Sábado 25 de octubre del 2008
Caso Clínico
Tutor: Dr. Byron Nuñez Freile
Infectólogo, Coordinador del Comité de Infectología del Hospital Carlos Andrade Marín (Quito-Ecuador)
Autores: Juan Pablo Escobar, Byron Galarza
Introducción
Es una infección rápidamente progresiva, afecta piel, tejido celular subcutáneo, fascia superficial; y ocasionalmente la fascia profunda. Produce necrosis y severa toxicidad sistémica.
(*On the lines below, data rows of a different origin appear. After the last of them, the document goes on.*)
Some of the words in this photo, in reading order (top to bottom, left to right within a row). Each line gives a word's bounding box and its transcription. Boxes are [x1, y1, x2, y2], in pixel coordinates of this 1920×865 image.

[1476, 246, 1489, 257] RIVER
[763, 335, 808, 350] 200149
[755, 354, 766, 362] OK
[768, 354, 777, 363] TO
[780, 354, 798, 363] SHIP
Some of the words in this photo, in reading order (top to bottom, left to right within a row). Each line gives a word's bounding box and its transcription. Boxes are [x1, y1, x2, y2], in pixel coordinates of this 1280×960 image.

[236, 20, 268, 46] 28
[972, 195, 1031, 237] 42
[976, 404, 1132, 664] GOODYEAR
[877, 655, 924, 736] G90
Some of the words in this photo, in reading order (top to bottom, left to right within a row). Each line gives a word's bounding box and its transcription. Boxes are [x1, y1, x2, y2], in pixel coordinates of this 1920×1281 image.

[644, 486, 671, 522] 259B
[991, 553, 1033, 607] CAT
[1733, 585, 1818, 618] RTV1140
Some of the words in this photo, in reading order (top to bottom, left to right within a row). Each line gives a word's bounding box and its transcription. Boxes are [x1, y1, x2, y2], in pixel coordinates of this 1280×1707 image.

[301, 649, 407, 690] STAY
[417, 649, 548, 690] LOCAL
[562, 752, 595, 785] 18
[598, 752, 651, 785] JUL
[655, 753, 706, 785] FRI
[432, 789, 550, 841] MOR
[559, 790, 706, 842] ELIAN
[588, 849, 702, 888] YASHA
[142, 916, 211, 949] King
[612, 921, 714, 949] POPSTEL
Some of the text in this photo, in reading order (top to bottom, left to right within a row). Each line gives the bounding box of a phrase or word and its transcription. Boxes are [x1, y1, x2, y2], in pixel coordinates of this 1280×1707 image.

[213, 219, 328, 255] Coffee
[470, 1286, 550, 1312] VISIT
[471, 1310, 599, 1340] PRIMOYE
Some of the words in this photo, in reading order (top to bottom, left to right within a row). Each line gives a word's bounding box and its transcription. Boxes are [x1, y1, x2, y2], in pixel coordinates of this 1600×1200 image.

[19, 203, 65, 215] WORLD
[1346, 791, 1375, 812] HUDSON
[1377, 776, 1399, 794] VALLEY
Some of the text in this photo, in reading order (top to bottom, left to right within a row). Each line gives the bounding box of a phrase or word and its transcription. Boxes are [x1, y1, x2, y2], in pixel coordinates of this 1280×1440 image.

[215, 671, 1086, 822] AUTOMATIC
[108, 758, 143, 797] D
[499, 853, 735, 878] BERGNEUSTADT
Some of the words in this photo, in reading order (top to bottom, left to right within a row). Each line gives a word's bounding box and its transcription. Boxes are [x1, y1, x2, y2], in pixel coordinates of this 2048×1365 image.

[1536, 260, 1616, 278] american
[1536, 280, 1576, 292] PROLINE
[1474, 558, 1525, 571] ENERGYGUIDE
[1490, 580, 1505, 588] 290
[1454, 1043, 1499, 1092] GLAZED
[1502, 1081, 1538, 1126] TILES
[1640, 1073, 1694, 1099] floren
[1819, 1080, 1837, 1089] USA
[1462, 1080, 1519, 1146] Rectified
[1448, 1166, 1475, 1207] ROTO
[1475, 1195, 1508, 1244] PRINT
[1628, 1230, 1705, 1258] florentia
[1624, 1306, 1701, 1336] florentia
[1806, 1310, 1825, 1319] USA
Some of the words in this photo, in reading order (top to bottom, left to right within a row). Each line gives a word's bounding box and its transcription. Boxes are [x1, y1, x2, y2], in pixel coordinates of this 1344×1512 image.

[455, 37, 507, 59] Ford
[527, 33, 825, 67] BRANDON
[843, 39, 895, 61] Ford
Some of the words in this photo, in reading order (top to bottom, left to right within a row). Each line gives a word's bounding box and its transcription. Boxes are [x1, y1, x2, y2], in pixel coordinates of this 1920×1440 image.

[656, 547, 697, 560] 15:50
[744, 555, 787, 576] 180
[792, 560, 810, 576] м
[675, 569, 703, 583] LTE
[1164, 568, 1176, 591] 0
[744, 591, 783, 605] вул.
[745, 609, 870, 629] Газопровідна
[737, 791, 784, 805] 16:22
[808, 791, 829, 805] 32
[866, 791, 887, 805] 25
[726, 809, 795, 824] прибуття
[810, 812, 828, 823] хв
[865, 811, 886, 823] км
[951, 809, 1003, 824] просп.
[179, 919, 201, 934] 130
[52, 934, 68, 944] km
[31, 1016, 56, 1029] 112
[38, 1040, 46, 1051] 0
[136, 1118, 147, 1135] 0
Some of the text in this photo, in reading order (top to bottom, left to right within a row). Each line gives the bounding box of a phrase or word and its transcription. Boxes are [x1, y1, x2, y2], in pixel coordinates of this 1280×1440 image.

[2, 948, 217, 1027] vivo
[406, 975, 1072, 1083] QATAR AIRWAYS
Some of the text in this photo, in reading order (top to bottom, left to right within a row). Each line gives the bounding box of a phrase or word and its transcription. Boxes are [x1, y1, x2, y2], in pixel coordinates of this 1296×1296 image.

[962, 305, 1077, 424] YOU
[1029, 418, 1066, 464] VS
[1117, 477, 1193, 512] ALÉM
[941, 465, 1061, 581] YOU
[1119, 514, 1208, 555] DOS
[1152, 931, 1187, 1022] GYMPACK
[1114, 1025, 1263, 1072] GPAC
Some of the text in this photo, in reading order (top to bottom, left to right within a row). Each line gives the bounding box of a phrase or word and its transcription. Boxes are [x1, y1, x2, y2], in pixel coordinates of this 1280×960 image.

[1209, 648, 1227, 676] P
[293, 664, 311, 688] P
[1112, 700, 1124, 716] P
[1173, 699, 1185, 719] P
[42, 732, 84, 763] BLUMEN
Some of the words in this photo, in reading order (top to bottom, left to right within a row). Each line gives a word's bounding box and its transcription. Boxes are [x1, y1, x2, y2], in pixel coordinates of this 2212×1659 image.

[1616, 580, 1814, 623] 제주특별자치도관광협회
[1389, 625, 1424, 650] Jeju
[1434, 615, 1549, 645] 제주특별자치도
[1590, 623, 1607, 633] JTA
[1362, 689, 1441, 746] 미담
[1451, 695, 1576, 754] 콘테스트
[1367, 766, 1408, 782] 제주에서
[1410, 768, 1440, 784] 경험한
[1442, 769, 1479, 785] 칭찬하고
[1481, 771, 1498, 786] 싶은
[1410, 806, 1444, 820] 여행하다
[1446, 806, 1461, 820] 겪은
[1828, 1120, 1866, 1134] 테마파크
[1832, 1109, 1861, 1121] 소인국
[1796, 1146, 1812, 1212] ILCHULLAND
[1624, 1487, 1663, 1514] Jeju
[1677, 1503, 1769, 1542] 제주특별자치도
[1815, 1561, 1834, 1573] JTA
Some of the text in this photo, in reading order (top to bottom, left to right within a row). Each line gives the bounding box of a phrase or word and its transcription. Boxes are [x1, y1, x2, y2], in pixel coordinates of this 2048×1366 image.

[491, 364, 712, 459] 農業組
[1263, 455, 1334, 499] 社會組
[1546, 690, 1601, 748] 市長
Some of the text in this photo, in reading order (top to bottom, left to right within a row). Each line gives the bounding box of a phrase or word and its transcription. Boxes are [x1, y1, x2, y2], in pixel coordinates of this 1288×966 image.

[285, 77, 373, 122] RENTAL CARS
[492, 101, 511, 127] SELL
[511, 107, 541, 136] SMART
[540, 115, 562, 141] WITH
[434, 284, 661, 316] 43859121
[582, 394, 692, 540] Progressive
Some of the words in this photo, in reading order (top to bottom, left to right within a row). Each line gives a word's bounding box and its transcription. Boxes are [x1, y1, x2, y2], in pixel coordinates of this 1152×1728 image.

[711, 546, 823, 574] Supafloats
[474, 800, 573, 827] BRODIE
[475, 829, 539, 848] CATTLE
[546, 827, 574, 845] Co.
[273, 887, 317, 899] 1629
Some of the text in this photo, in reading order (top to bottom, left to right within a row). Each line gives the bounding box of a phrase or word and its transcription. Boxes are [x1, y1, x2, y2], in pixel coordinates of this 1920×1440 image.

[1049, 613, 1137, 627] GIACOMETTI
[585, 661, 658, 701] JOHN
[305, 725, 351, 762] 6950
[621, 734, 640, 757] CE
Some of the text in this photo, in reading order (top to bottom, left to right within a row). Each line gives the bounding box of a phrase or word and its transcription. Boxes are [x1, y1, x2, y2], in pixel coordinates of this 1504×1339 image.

Es producida por el estreptococo beta hemolítico del grupo A por sí solo, o puede ser por flora polimicrobiana entre bacterias aerobias y anaerobias. Su epidemiología anual es de 3.5 casos por 100.000 personas (70 casos aproximados en Quito). Tiene una fatalidad aproximada de un 24%. La terapia antibiótica sola se asocia a una tasa de mortalidad cercana al 100%, por lo que se requiere siempre una evaluación por parte de cirugía. Existen factores predisponentes endógenos tales como diabetes, nefropatías, inmunosupresión, drogas IV y desnutrición. Entre los factores exógenos tenemos inyecciones, trauma y cirugía. Se localiza principalmente en extremidades, abdomen y periné. Sus manifestaciones clínicas son dolor, edema, eritema, ampollas y bulas con liquido café claro (sin olor en infección por estreptococo y fétidas en anaerobios), la coloración inicial es rojo vinosa, luego blanca, azul y finalmente negra, fiebre, hipotensión, taquicardia, crepitación de la piel y shock. Si diagnóstico es a través de gram, cultivo, Rx y eco. (1)
APP:
- DM tipo II diagnosticada hace 20 años (insulina cristalina 3 UI BID)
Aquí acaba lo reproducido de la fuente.